А вот у исполнительниц двух главных женских партий баланса между игрой и пением, к сожалению, не обнаружилось. Екатерина Сергеева в роли Любаши, за которую меломаны так любят эту оперу, не наполняла партию до краев вокально ни на верхах, ни в низком регистре, будто лишь чуть-чуть отпивала от чарки с роскошным напитком. Возможно, сказался изнуряющий график работы на фестивале «Звезды белых ночей»: на следующий день певица, не успев отдохнуть, пела уже Леля в «Снегурочке», и пела намного сочнее.
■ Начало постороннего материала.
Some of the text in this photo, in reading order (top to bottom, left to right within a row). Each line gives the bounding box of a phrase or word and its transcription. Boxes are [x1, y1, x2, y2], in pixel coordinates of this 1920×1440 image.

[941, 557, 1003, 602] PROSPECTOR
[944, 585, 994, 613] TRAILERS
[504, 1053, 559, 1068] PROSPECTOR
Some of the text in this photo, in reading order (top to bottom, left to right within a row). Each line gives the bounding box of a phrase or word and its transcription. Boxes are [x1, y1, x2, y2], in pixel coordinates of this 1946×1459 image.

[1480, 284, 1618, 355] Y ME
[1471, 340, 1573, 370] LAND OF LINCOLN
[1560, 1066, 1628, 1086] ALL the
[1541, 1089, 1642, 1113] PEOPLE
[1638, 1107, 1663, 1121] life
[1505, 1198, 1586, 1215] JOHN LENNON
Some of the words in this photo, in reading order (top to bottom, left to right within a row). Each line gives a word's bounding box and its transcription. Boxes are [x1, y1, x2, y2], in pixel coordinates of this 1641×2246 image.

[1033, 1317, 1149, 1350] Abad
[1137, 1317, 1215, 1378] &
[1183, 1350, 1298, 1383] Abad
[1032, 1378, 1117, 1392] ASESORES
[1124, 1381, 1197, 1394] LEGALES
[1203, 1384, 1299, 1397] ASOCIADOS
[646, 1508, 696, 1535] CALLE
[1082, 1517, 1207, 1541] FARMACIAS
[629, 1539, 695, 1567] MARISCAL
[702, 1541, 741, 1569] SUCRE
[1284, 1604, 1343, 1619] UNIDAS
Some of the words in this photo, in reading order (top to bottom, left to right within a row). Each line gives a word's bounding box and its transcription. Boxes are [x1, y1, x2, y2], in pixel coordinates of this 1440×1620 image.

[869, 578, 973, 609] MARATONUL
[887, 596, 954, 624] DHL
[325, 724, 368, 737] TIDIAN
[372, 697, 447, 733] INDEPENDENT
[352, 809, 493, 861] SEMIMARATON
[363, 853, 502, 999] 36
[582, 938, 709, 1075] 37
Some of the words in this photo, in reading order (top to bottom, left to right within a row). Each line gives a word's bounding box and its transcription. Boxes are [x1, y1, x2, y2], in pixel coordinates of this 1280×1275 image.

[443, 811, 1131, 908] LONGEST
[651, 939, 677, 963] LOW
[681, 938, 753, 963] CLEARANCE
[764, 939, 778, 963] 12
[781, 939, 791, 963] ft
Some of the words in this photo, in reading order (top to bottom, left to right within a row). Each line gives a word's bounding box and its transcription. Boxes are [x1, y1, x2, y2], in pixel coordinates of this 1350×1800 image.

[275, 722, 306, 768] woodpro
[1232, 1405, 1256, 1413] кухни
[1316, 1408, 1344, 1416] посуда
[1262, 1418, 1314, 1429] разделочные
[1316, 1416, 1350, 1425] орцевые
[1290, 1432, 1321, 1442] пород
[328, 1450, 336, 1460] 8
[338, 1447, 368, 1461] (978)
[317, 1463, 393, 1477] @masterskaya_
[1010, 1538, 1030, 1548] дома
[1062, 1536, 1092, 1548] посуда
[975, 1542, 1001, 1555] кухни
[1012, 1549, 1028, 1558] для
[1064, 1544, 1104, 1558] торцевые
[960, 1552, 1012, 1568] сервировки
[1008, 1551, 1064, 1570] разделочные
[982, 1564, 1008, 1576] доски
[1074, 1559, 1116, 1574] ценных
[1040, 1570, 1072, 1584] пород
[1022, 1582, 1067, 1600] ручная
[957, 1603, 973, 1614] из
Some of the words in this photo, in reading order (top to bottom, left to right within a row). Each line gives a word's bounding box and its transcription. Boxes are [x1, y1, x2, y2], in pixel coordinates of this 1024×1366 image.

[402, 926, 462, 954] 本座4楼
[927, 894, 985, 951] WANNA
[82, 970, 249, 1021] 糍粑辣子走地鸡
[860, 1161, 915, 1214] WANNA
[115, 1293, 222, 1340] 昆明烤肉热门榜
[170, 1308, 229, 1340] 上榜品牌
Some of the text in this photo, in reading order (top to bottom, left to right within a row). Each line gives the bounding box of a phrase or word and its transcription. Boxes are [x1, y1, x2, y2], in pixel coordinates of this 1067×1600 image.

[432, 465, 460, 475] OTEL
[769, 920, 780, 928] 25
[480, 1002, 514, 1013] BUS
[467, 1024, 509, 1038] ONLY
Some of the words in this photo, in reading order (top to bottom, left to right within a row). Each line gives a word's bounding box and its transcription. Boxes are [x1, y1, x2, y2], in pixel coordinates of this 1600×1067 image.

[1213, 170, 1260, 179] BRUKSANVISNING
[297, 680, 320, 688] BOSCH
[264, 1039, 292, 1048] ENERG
Виолетта Лукьяненко компенсировала игрой слабоватый вокал, местами переходящий на какое-то полуэстрадное напевание (было плохо слышно даже в середине партера). Но и в игре было многовато жеманничанья. Оркестр же под управлением маэстро Валерия Гергиева в этот раз поразил чрезмерной непредсказуемостью, взрывчатостью темпов, их подчас нарочитой неровностью, взбалмошностью ритмов. Создавалось впечатление, что дирижер всеми силами пытался пробить режиссерские условности, замкнувшие шедевр Римского-Корсакова словно в саркофаг.

Материал был опубликован в газете под № 117 (6226) от 03.07.2018 под заголовком «Раскладушка» все объяснит».